WCP5465

Letter (WCP5465.6195)

[1]1

Parkstone, Dorset.

July 6th. 1897

T. E. Ashworth Esq.

Dear Sir

Books on Zoology & Botany are now so numerous & varied that it is impossible to recommend any in particular without knowing the exact object in view, or the particular branch that attracts you. If you want merely to gain some knowledge of, & interest in, nature, Hooker’s2, 3 — or any other "British Flora" will suffice to begin with, and any of the numerous books on British Mammals, Birds, Insects etc.
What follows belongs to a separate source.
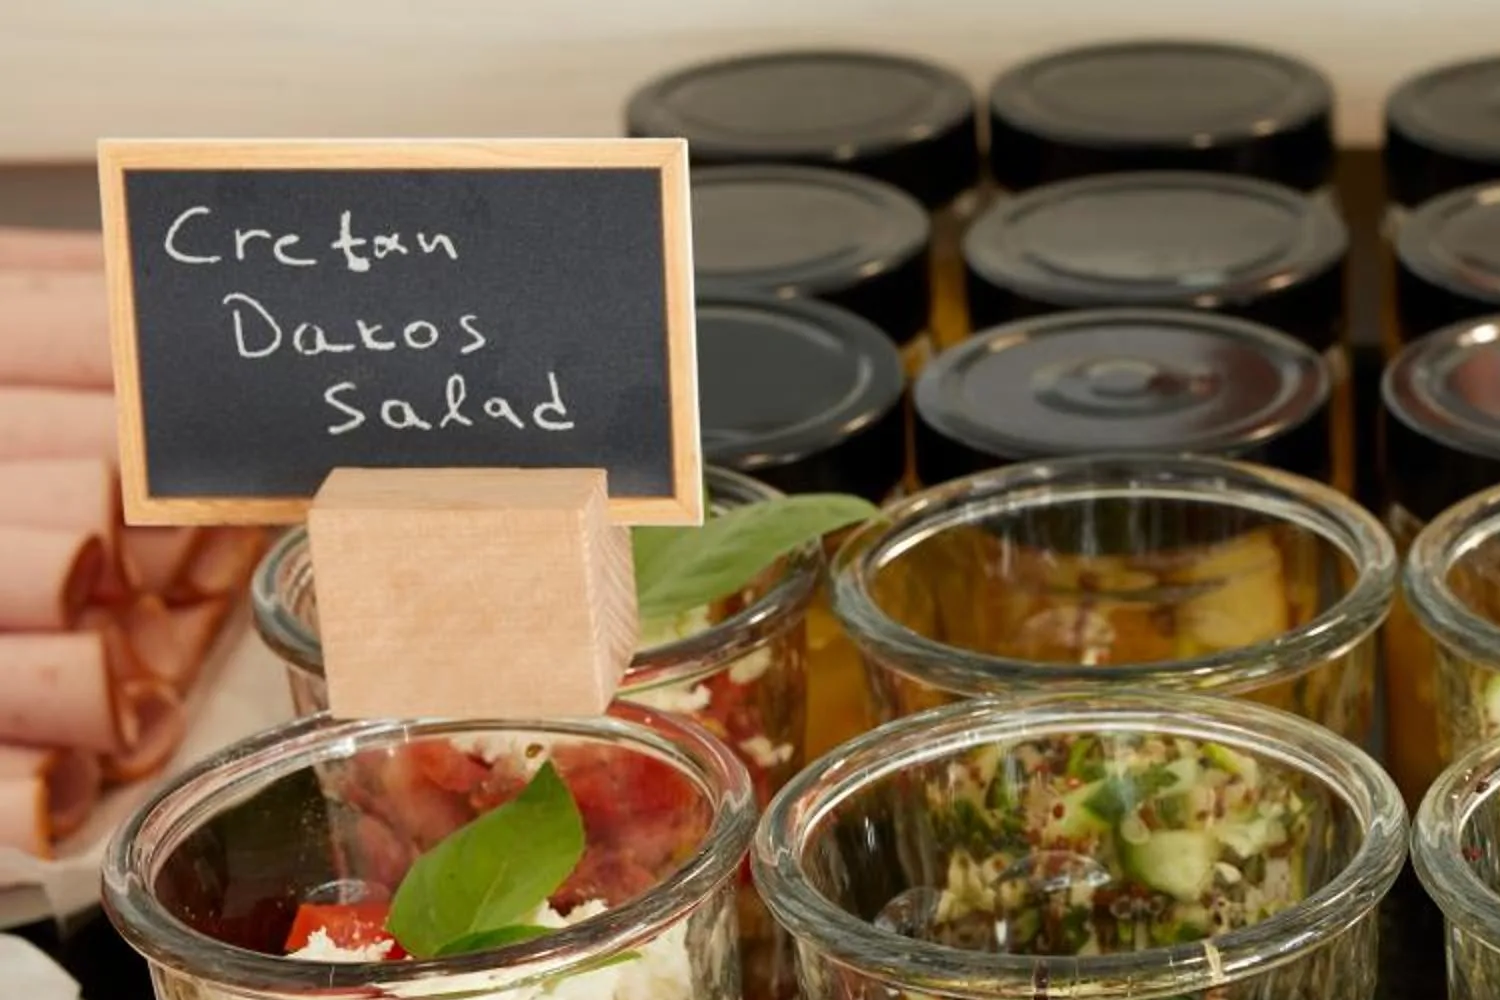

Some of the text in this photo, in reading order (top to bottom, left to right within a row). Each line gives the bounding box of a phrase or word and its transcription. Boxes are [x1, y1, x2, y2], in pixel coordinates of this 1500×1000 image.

But if you wish to study Biology for purposes of Examination, you will [2] have to get special Text Books, dealing mainly with the Anatomy & Physiology of animals & plants, and any of the Professors in your northern Universities would be the best person to apply to.

Believe me | Yours truly | Alfred R. Wallace [signature]

Stamp on the top right of page 1 reads "PR.ST. — BIBL | <291> |Dokum. Slg."
Hooker, William Jackson (1785-1865), botanist. Appointed first full-time director of the royal gardens at Kew in 1841
Hooker, William Jackson. (1830). The British flora. Comprising the phaenogamous, or flowering plants, and the ferns. Longman, Rees, Orme, Brown and Green, London. There were at least seven editions, the seventh in 1855, some co-authored by George Arnott Walker-Arnott.

Envelope (WCP5465.6196)

Envelope addressed to "T. E. Ashworth Esq, Todmorden, via Manchester", with stamp, postmarked "PARKSTONE | D | JY 6 | 97"; postmark on back. [Envelope (WCP5465.6196)]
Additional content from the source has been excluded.